Find the length of arc of a curve :
from the point where y = 1 to y = 4;
the problem is that i can't integrate:
Sometimes it pays to persevere, or don't surrender early.
6xy = y^4 +3
Find the length of the curve from y=1 to y=4
So we use dy, because the boundaries are given in values of y.
Length of curve, L.
dL = sqrt[1 +(dx/dy)^2]dy
So we find dx/dy.
x = (y^4 +3)/(6y)
x = (y^3)/6 +1/(2y)
dx/dy = (y^2)/2 -1/(2y^2)
dx/dy = (y^4 -1) /(2y^2) ---------------***
So,
dL = sqrt[1 +[(y^4 -1)/(2y^2)]^2]dy
Now the perseverance. We expand the (dx/dy)^2, then continue from there.

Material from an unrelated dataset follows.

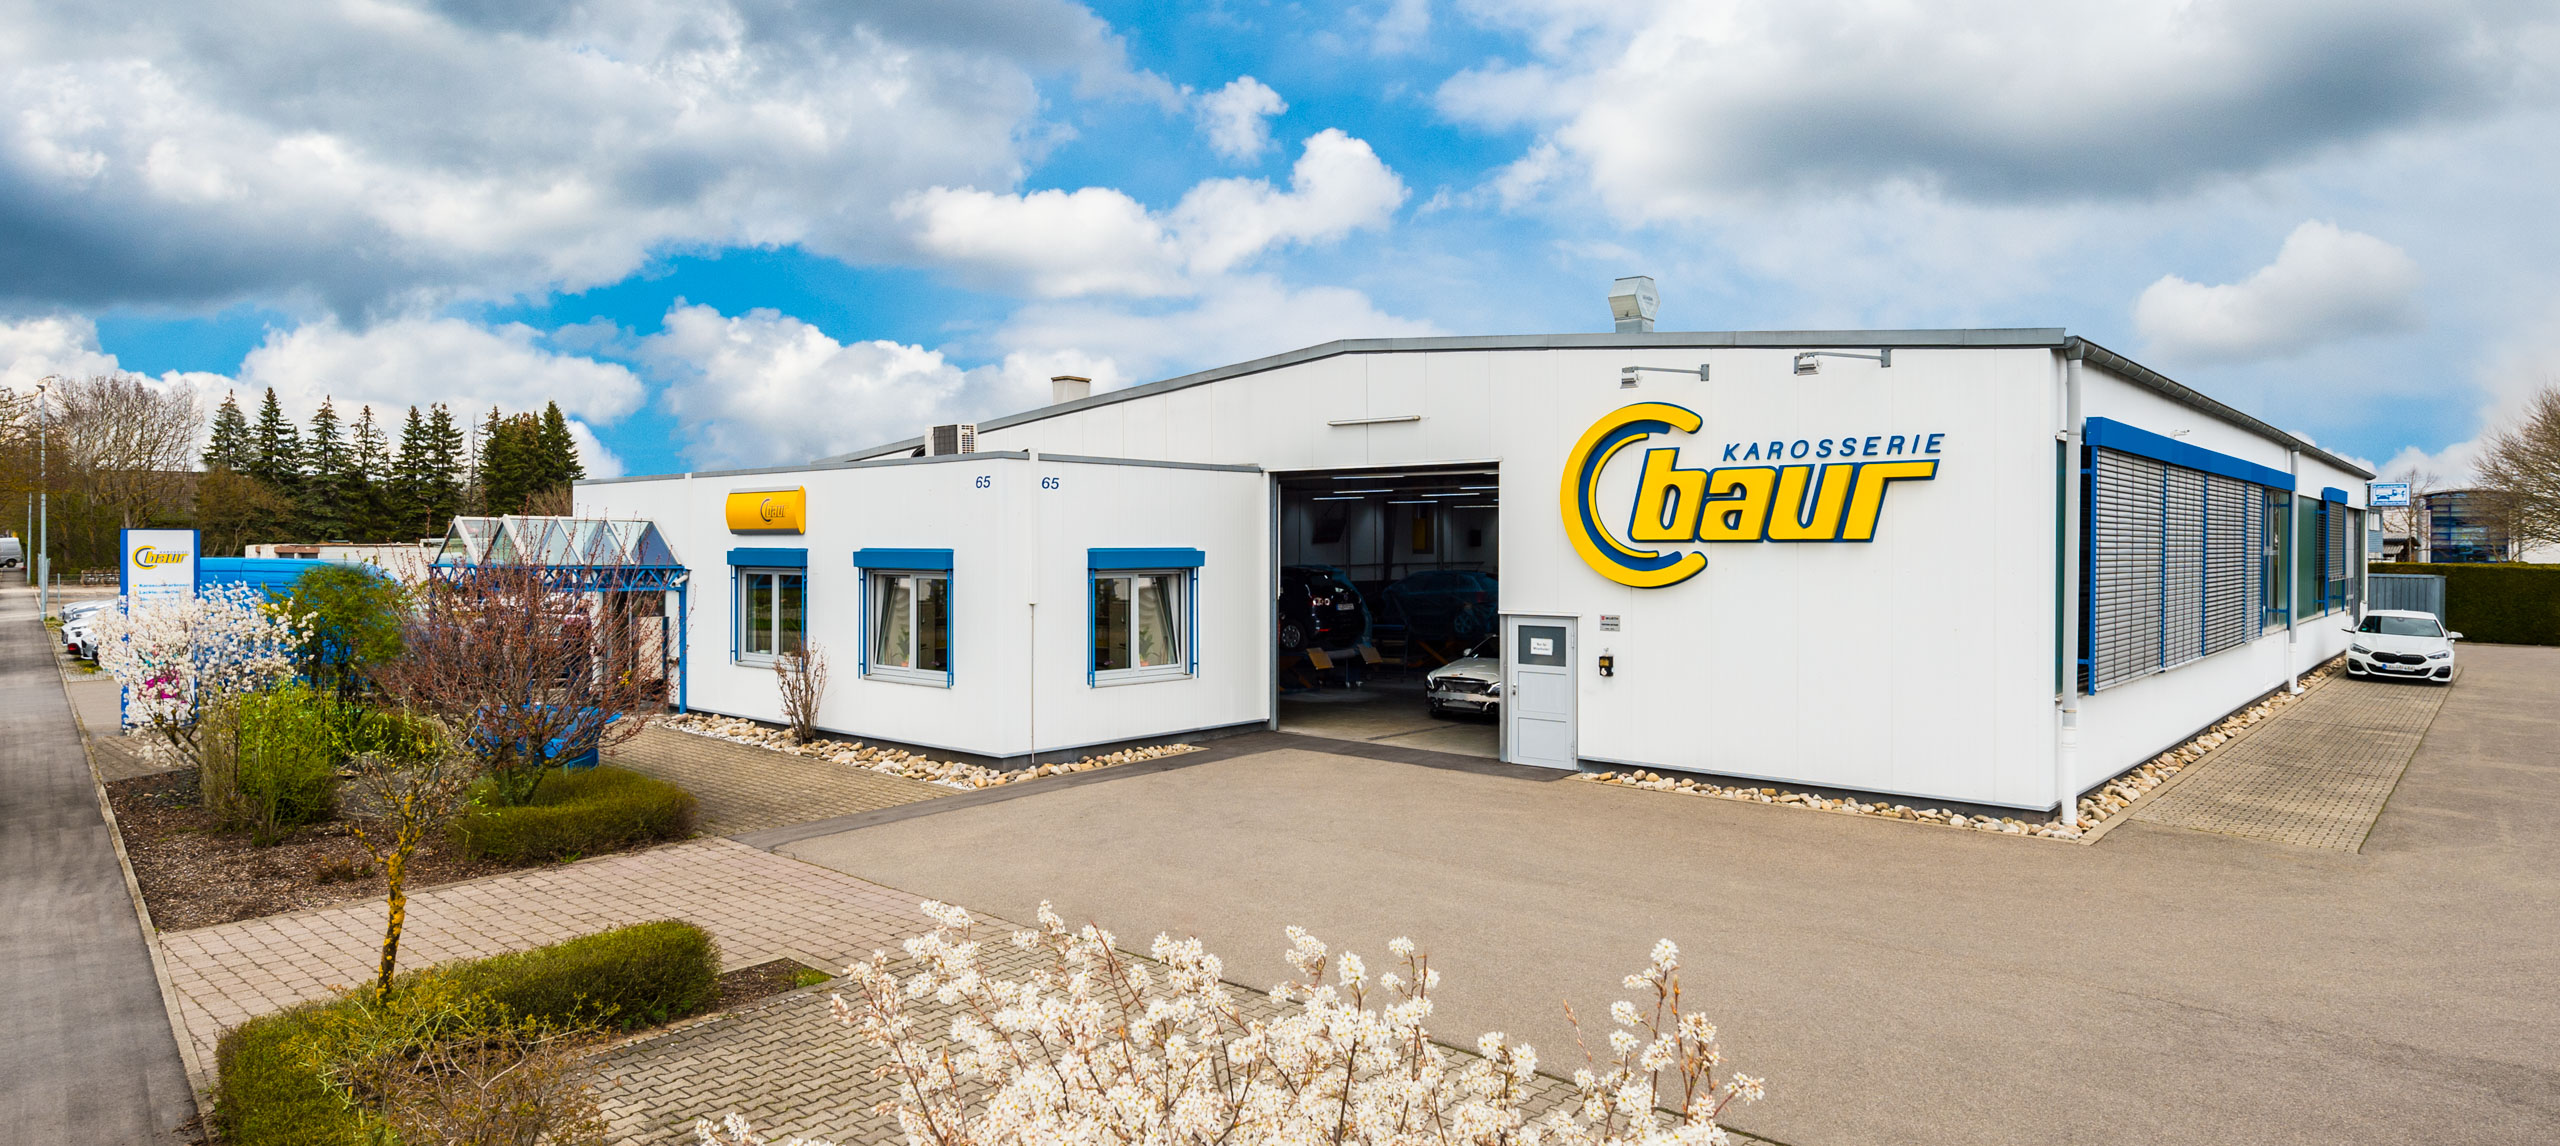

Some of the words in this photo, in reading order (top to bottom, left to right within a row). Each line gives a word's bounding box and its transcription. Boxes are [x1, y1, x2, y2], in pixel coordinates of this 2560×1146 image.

[1722, 433, 1946, 462] KAROSSERIE
[975, 475, 991, 489] 65
[1041, 476, 1060, 490] 65

dL = sqrt[1 +[(y^8 -2y^4 +1) /(4y^4)]dy
dL = sqrt[{(4y^4) +(y^8 -2y^4 +1)} / (4y^4)]dy
dL = sqrt[(y^8 +2y^4 +1) /(4y^4)]dy
dL = sqrt[(y^4 +1)^2 /(4y^4)]dy
dL = [(y^4 +1) /(2y^2)]dy
dL = [(y^2)/2 +1/(2y^2)]dy
dL = [(1/2)y^2 +(1/2)y^(-2)]dy
dL = (1/2)[y^2 +y^(-2)]dy
Now that can be integrated.
So,
L = (1/2)INT.(1-->4)[y^2 +y^(-2)]dy
L = (1/2)[(y^3)/3 -1/y]|(1-->4)
L = (1/2)[{(4^3)/3 -1/4} -{(1^3)/3 -1/1}]
L = (1/2)[64/3 -1/4 -1/3 +1]
L = 261/24 = 87/8 = 10.875 units long. --------------answer.